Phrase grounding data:
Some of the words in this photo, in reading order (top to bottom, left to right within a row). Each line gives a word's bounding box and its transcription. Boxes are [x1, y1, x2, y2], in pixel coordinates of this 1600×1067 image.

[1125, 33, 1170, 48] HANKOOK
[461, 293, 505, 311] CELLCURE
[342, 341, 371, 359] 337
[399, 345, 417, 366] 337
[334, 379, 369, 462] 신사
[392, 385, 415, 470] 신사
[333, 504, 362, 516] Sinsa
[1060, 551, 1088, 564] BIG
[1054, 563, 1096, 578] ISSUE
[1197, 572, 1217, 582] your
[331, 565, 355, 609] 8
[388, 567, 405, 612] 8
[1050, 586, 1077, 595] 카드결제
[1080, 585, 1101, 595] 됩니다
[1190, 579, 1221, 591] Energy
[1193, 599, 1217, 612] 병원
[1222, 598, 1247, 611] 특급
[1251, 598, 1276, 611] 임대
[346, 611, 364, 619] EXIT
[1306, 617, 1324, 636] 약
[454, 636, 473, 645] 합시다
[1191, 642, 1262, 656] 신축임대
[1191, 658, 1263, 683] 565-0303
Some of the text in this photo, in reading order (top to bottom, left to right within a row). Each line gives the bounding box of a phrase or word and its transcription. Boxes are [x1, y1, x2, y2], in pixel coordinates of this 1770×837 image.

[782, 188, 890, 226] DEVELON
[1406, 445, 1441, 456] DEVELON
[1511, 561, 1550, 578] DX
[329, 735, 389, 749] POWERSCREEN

ABOUT THIS TASK -> Every entry is to be transcribed exactly as it stands.

ANSWER SECTION ->
Some of the words in this photo, in reading order (top to bottom, left to right within a row). Each line gives a word's bounding box and its transcription. Boxes are [x1, y1, x2, y2], in pixel coordinates of this 1600×1067 image.

[1125, 33, 1170, 48] HANKOOK
[461, 293, 505, 311] CELLCURE
[342, 341, 371, 359] 337
[399, 345, 417, 366] 337
[334, 379, 369, 462] 신사
[392, 385, 415, 470] 신사
[333, 504, 362, 516] Sinsa
[1060, 551, 1088, 564] BIG
[1054, 563, 1096, 578] ISSUE
[1197, 572, 1217, 582] your
[331, 565, 355, 609] 8
[388, 567, 405, 612] 8
[1050, 586, 1077, 595] 카드결제
[1080, 585, 1101, 595] 됩니다
[1190, 579, 1221, 591] Energy
[1193, 599, 1217, 612] 병원
[1222, 598, 1247, 611] 특급
[1251, 598, 1276, 611] 임대
[346, 611, 364, 619] EXIT
[1306, 617, 1324, 636] 약
[454, 636, 473, 645] 합시다
[1191, 642, 1262, 656] 신축임대
[1191, 658, 1263, 683] 565-0303
Some of the text in this photo, in reading order (top to bottom, left to right within a row). Each line gives the bounding box of a phrase or word and its transcription. Boxes are [x1, y1, x2, y2], in pixel coordinates of this 1770×837 image.

[782, 188, 890, 226] DEVELON
[1406, 445, 1441, 456] DEVELON
[1511, 561, 1550, 578] DX
[329, 735, 389, 749] POWERSCREEN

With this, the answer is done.